Nowadays, private morals have been made less relevant in public life. The West relies upon external rather than internal restraints. The hope is that institutional checks and balances will control those who are in power rather than self-imposed ethical limits. But rules and regulations can only go so far and no further in catching unethical business/political practices. To work effectively, good institutions should be strengthened by matching moral values held by the majority of the population.
Gandhi considered as futile the modern quest of trying to make institutions so perfect that they would obviate the need for the individual to be good. A person in public life has to be a person of character exercising self-restraint all the time. Gandhi believed in self-imposed internal ethical control as against institutional restraints imposed from the outside by society on one’s behaviour, especially when in public life. Gandhi emphasises moral and individual change as necessary for social and economic change. He said:
Unfortunately a belief has today sprung up that one's private character has nothing to do with one's public activities. This superstition must go. Our public workers must set about the task of reforming society by reforming themselves first. This spiritual weapon of self purification, intangible as seems, is the most potent means for revolutionising one's environment and for loosening external shackles.
This reliance on inner strength rather than external institutional control was because Gandhi believed that such external controls are easily subverted resulting in the abuse of power that we see around us. Practicing self-restraint is more sustainable and irreversible. If a person has taken a conscious decision to be in public life, he or she has to exercise self-restraint in private behaviour. Both perfecing individuals and perfecting institutions are impossible tasks but Gandhi believed that the former was a better gamble.

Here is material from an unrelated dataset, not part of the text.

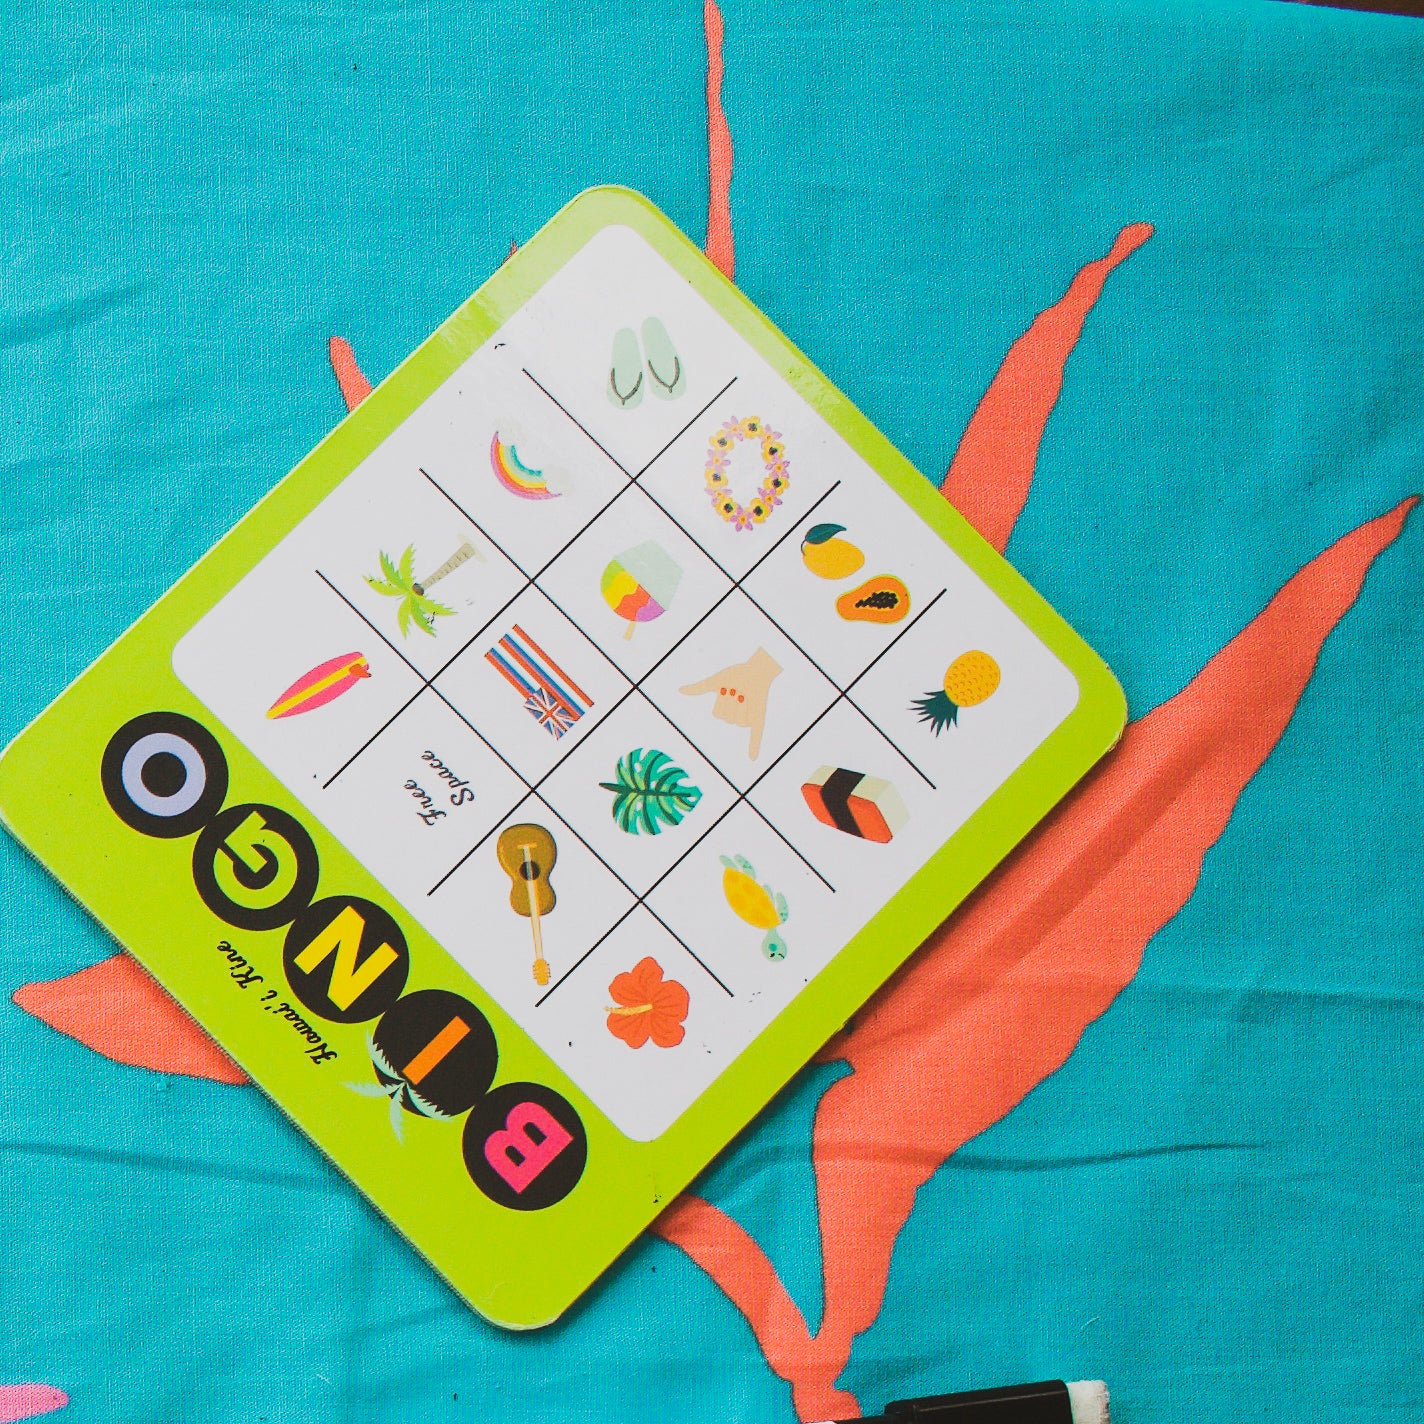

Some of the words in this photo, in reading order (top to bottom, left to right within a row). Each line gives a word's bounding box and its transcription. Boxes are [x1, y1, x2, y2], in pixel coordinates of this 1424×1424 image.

[403, 779, 447, 826] Free
[421, 750, 475, 807] Space
[121, 732, 574, 1194] BINGO
[216, 940, 264, 990] Kine
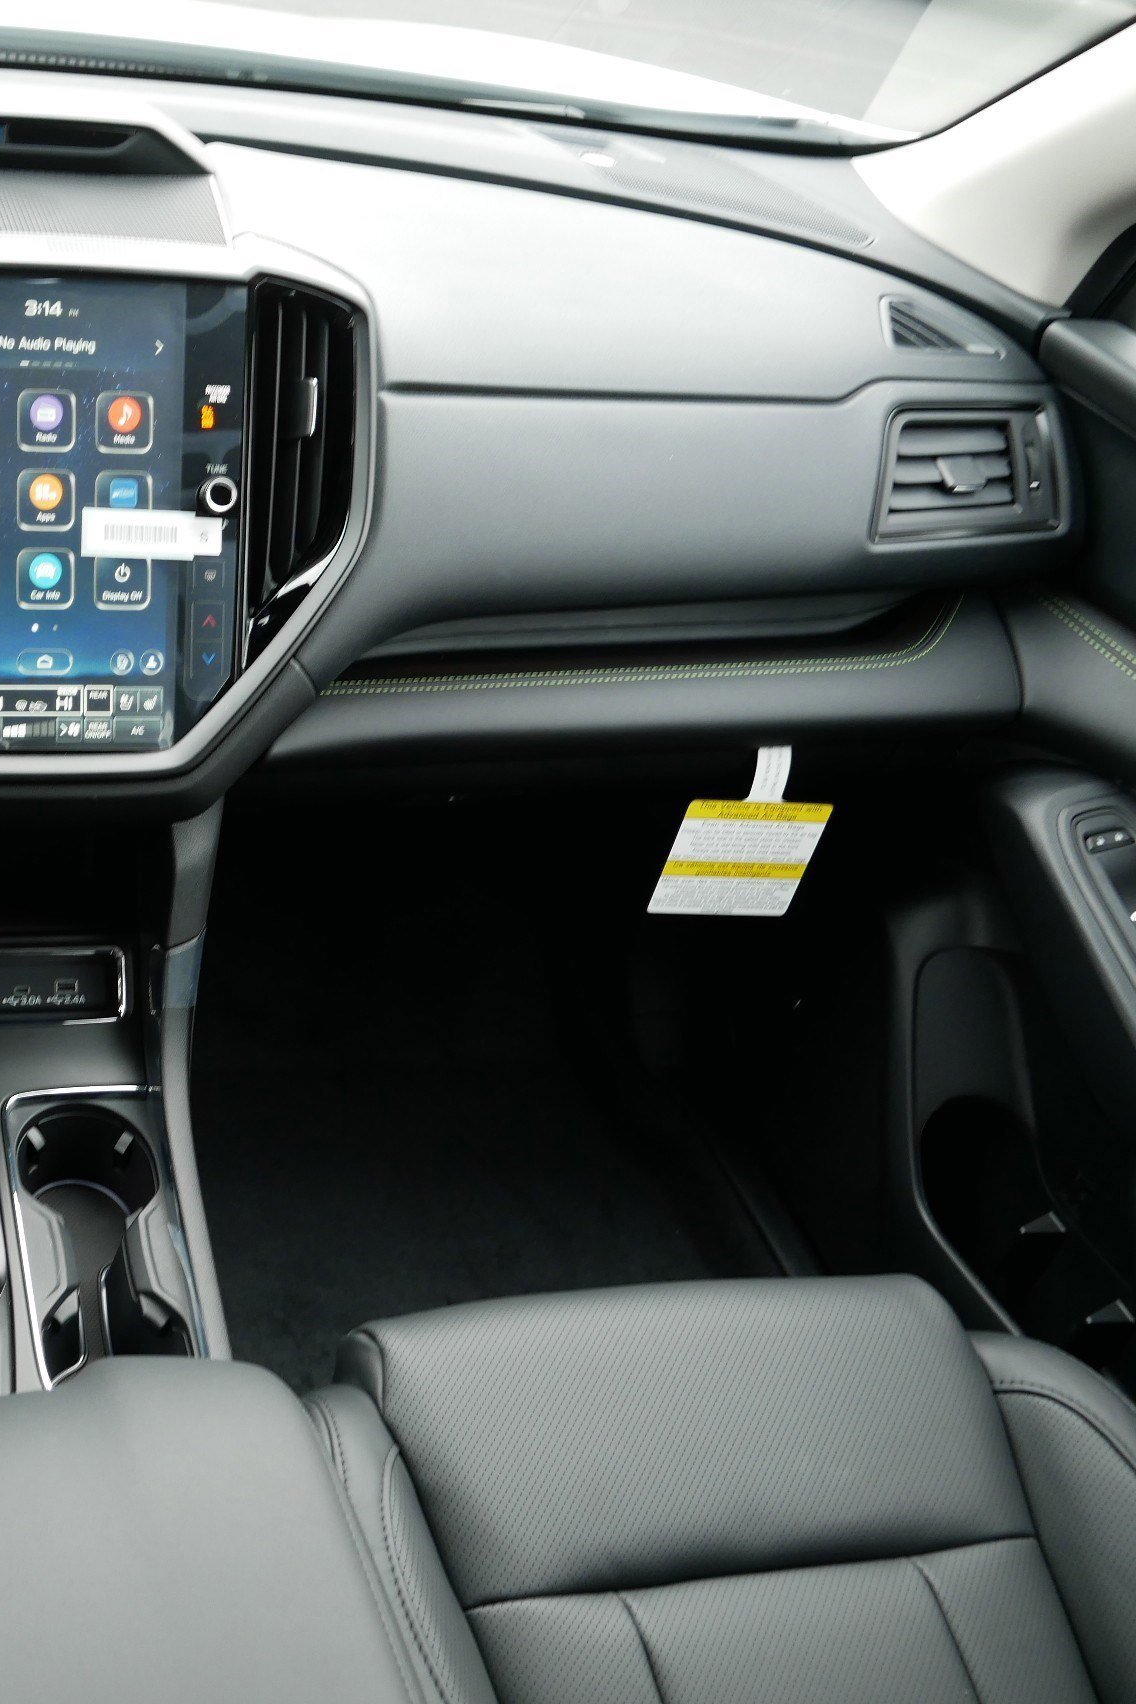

What’s very important is that no amount of “good institutions” will stop people from cheating. No matter how well-designed rules are, and how good is the system of sanctions forcing people to follow the rules, if everybody is a rational agent maximising their own material benefits, the system will not work. Crooks will pay the cops to look the other way, while judges would decide in favour of who pays them more. Good institutions will only work when they are strengthened by appropriate values and preferences of the people who occupy them. In Anna Karenina, Leo Tolstoy wrote about what it means to be "honest":
. . . when they talk of an "honest" politician, an "honest" writer, an "honest" newspaper, an "honest" institution, an "honest" tendency, meaning not simply that the man or the institution is not dishonest, but that they are capable on occasion of taking a line of their own in opposition to the authorities.
How well a society functions depends on its package of social norms. Adam Smith said that it’s our automatic norm following — not our self-interest or our cool rational calculation of future consequences — that often makes us do the “right thing” and allows our societies to work. In the period leading up to the financial crisis, some asset managers on Wall Street and mortgage lenders who sold toxic assets knew they were toxic and were proud of their ability to exploit unsuspecting investors. Institutions like SEC, The Fed or the banks proved ineffective.
Two behaviours that have become devalued in modern times are guilt and shame. Feeling shame is about wanting to hide; feeling guilt is about wanting to make amends. Consistently ignoring the need to examine one’s own actions reduces the moral credibility needed to persuade others to make sacrifices to defend shared values. They reflect our judgments of our actions and the kind of person we think we are. These emotions tell us that there is something wrong in our lives and relationships that we must correct.